Con el paso de los años, aquel pequeño pueblecito pesquero y sus alrededores, comenzaron a prosperar de manera significativa.
Tras rescatar a la joven sin vida de las frías aguas aquella mañana de agosto, la depositaron en la cámara frigorífica de la lonja mientras esperaban la llegada de la policía y del forense. Pero, para sorpresa de todos los que allí estaban cuando ese momento llegó, al abrir la cámara, ella ya no estaba. El cuerpo había desaparecido. La manta que había usado para transportarla hasta allí y para luego taparla estaba, perfectamente doblada, en el suelo. Todo estaba cerrado y no había huellas en la escarcha del pavimento.
El caso trajo de cabeza a la policía local durante mucho tiempo, hasta que poco a poco fue quedando olvidado y pasó a engrosar los archivos de los casos sin resolver. Pero la joven nunca desapareció de la memoria de los pescadores de la aldea.
La felicidad que desprendía el día que apareció ahogada, su enorme belleza, la paz que transmitían sus ojos sin vida, su piel blanca y delicada… todos los detalles quedaron grabados a fuego en la memoria de las personas que la encontraron. Y todos los que no estuvieron habían oído hablar tanto de ella, que era como si todo el pueblo hubiese estado en el puerto aquel día.

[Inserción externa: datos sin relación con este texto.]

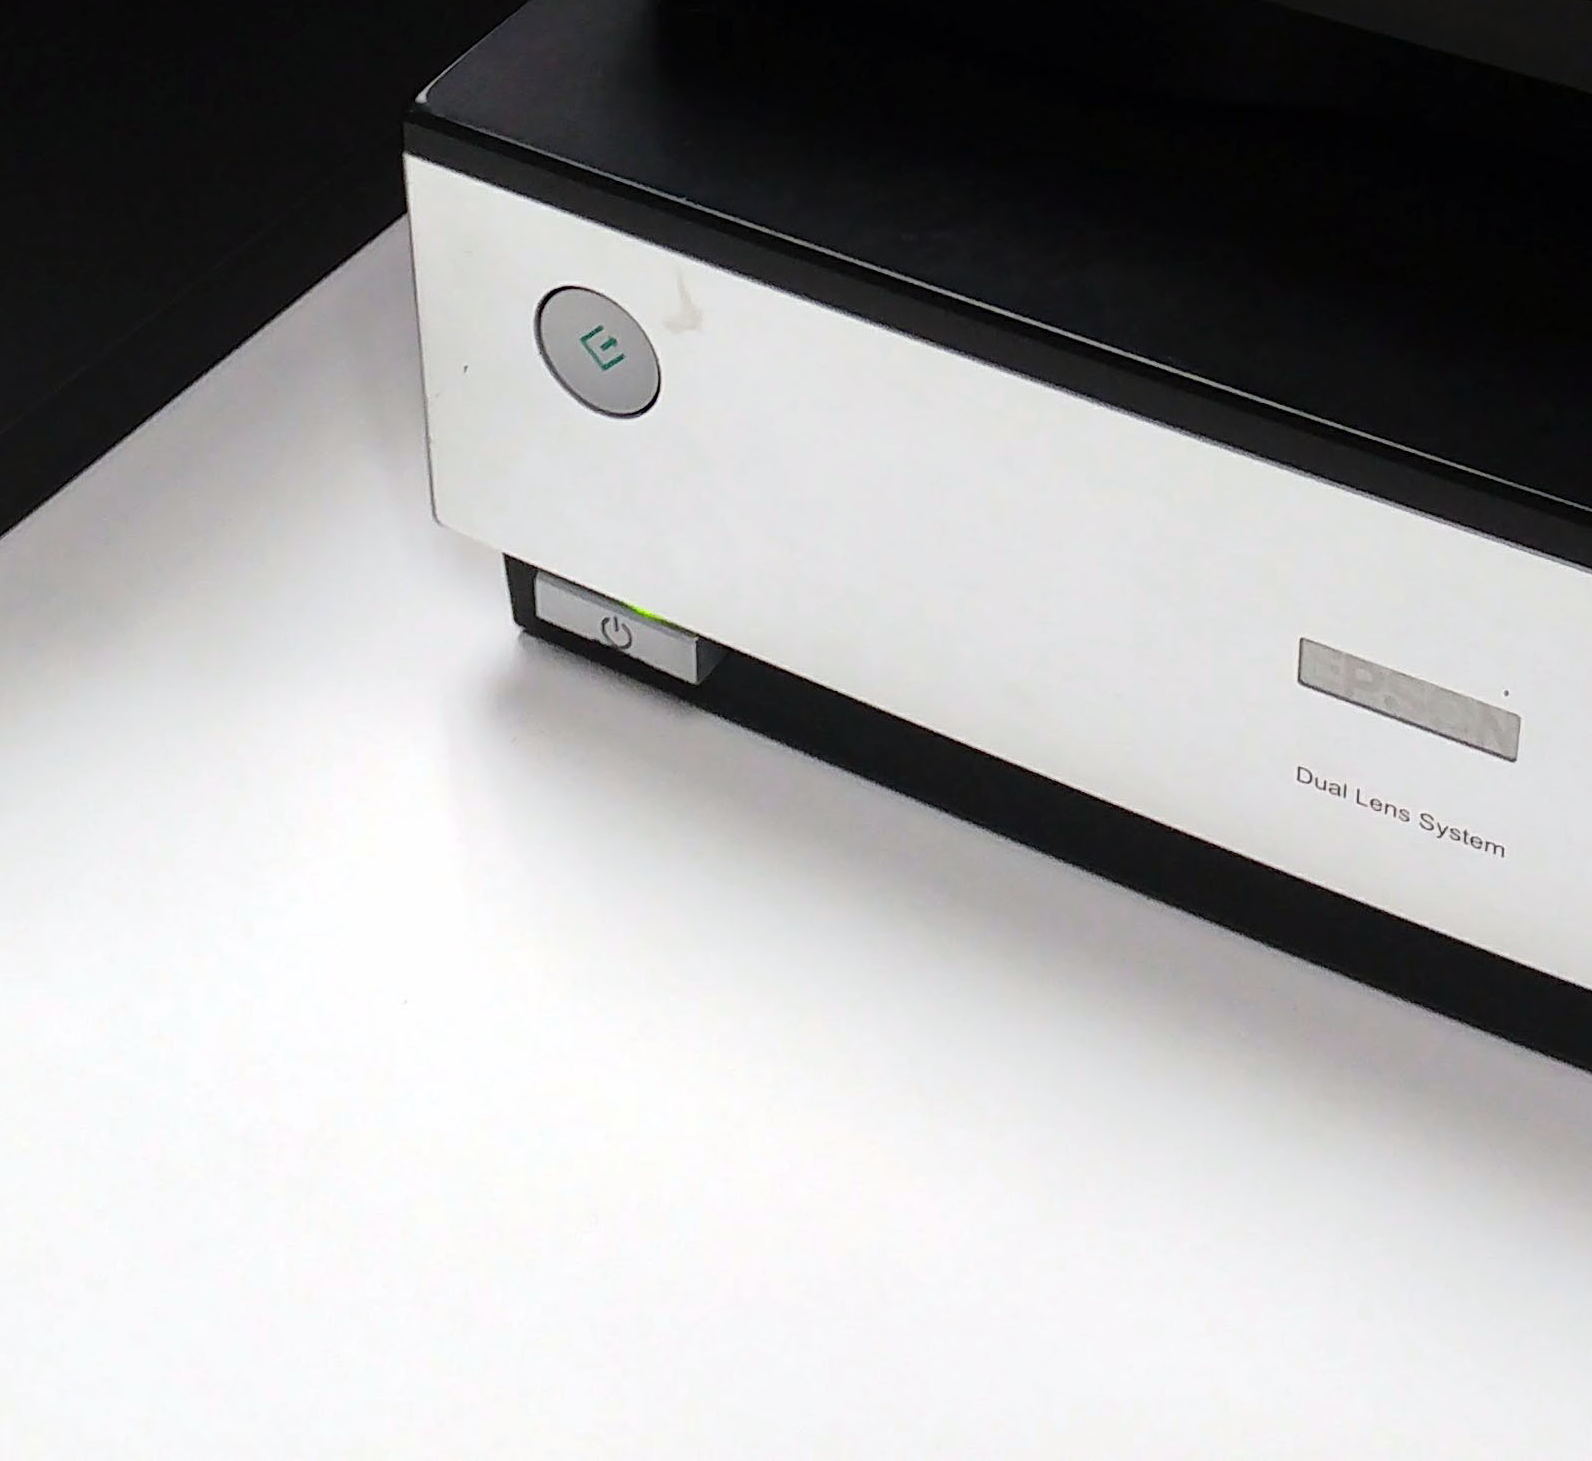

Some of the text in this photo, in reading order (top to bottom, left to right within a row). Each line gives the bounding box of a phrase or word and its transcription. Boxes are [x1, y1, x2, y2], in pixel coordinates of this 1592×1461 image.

[1295, 765, 1506, 859] Dual Lens System

Al principio tan sólo los ancianos del lugar se dieron cuenta de lo que estaba pasando y no tardaron en atar cabos. Desde aquella mañana de verano el mar no se había llevado la vida de nadie. Pescadores y percebeiros iban, faenaban y volvían sin problemas. Incluso tras los rigores de ese duro primer invierno en el que la mayoría de los días las olas más enojadas azotaban la costa hasta casi hacerla sangrar, no se produjeron incidentes en el mar. Aquel año, nadie lloró a ningún muerto, nadie puso ninguna cruz en los acantilados, ninguna familia quedó prematuramente mutilada de por vida. En las tascas del puerto que calentaban el alma y el cuerpo de los trabajadores del mar en las frías noches en las que salían con sus livianas barquitas pronto se comenzó a hablar de la buena racha que vivía el pueblo. Y no tardaron en agradecer a la misteriosa joven, que velara por ellos desde su desaparición. Con el alma reconfortada ya por el orujo y el calor de la vuelta a casa, se empezaron a escuchar historias personales. Y todas eran tan iguales que los pescadores bien parecieran una misma persona. Un mismo cuerpo para los percebeiros. Y para el pueblo, un único corazón.
Y es que todos ellos habían vuelto a ver a la extraña joven. Cuando la cosa se ponía fea en el mar, sabían exactamente qué camino tomar, sabían de qué rocas se tenían que alejar, cuándo era el momento exacto de volver a casa, incluso sabían qué días era inútil salir a faenar. Sabían cuándo rompía cada ola y cómo evitar corrientes traicioneras. Dónde estaban los mejores bancos y cómo alejarse victorioso de las peores tormentas. Todo lo veían y se sentían guiados y bien acompañados en la soledad del mar. Lo veían con los ojos del corazón. Con los ojos del Corazón del Mar. Los ojos de ella. Sus ojos.
Alguien puso una cruz en el lugar donde ella apareció muerta y llena de vida.
Todos los años la pintan de blanco. Y cada 7 de agosto la cruz se llena de flores frescas.